**WHAT YOU NEED TO DO**. Keep every word of the entries and print them exactly; the pictures stay out.

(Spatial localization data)
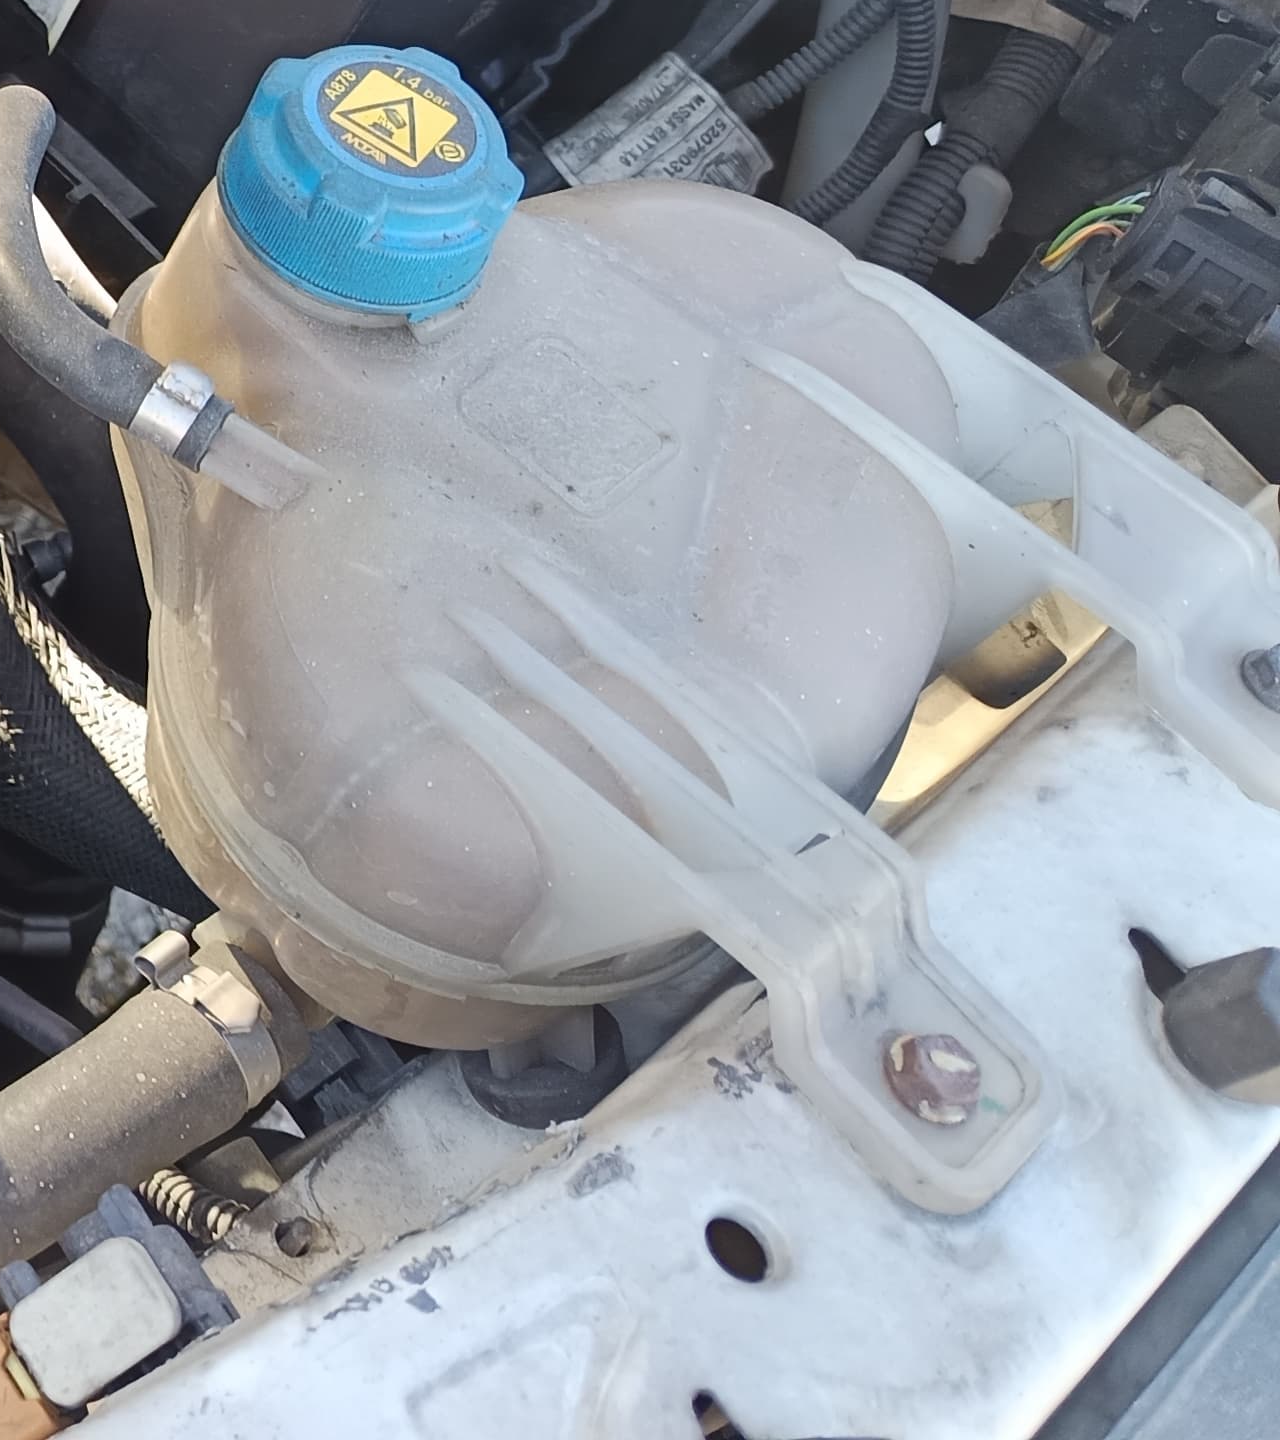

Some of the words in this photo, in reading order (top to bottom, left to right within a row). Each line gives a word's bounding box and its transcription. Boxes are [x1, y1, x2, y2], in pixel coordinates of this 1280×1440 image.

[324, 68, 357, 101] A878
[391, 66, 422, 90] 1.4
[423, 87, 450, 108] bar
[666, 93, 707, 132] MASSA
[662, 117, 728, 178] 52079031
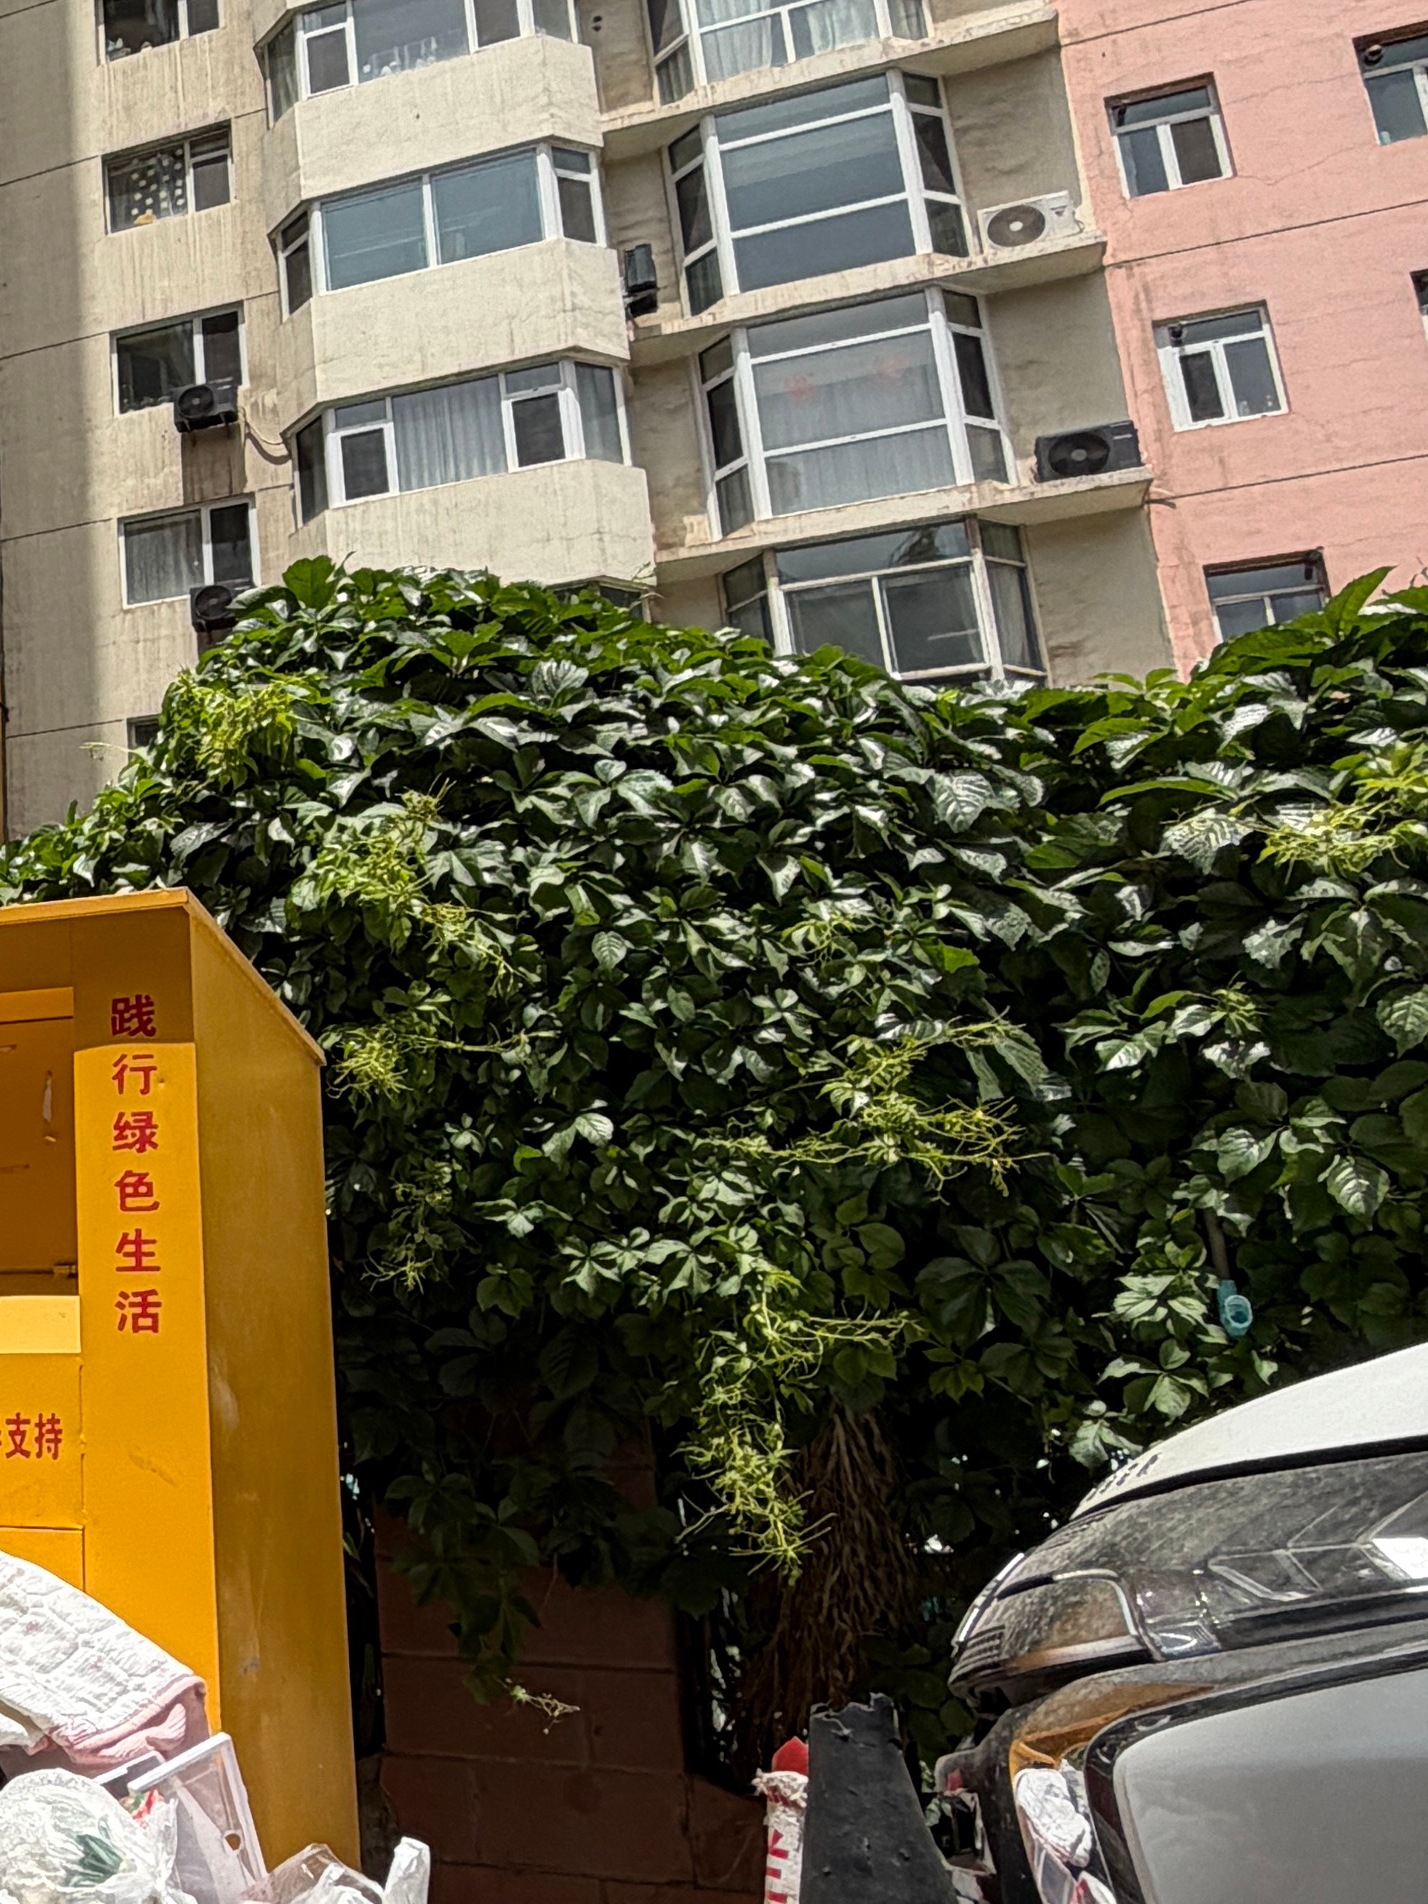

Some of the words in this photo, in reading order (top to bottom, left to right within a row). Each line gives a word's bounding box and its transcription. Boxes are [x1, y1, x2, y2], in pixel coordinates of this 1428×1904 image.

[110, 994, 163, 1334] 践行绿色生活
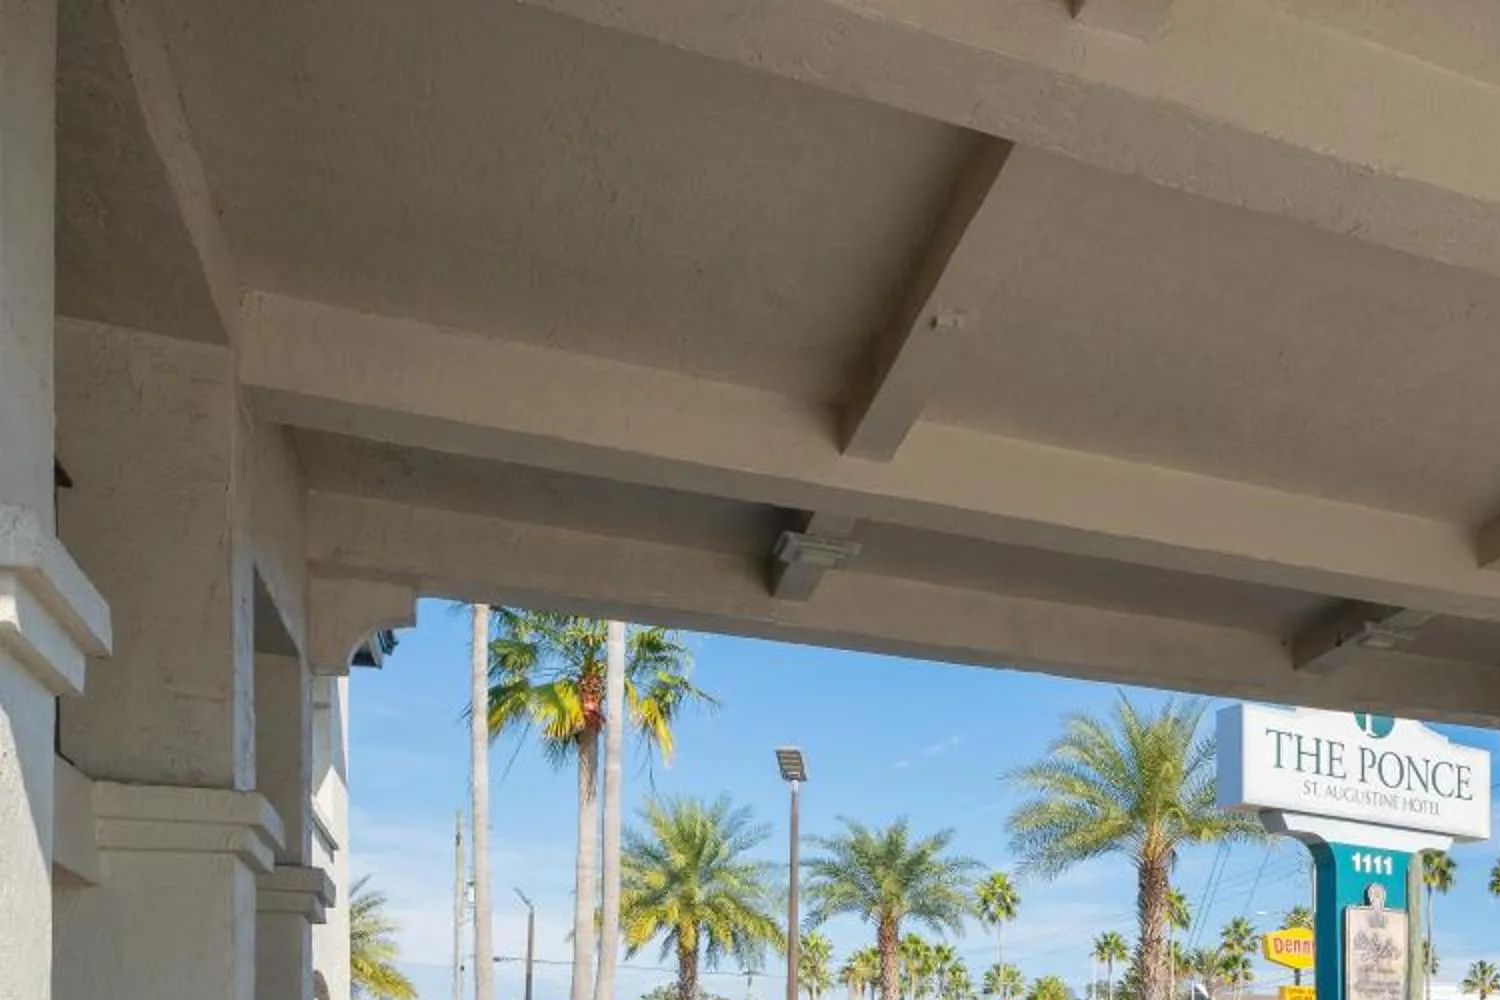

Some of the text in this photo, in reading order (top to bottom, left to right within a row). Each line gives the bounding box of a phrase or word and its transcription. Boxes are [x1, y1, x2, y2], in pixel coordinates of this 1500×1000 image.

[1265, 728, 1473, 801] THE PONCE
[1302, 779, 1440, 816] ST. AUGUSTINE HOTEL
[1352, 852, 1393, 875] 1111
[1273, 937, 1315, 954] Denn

**SOLUTION TO THIS PROBLEM**.
Some of the words in this photo, in reading order (top to bottom, left to right within a row). Each line gives a word's bounding box and its transcription. Boxes are [x1, y1, x2, y2], in pixel coordinates of this 1280×1440 image.

[324, 68, 357, 101] A878
[391, 66, 422, 90] 1.4
[423, 87, 450, 108] bar
[666, 93, 707, 132] MASSA
[662, 117, 728, 178] 52079031

Some of the words in this photo, in reading order (top to bottom, left to right within a row). Each line gives a word's bounding box and its transcription. Boxes are [x1, y1, x2, y2], in pixel coordinates of this 1428×1904 image.

[110, 994, 163, 1334] 践行绿色生活

Some of the text in this photo, in reading order (top to bottom, left to right within a row). Each line gives the bounding box of a phrase or word and its transcription. Boxes are [x1, y1, x2, y2], in pixel coordinates of this 1500×1000 image.

[1265, 728, 1473, 801] THE PONCE
[1302, 779, 1440, 816] ST. AUGUSTINE HOTEL
[1352, 852, 1393, 875] 1111
[1273, 937, 1315, 954] Denn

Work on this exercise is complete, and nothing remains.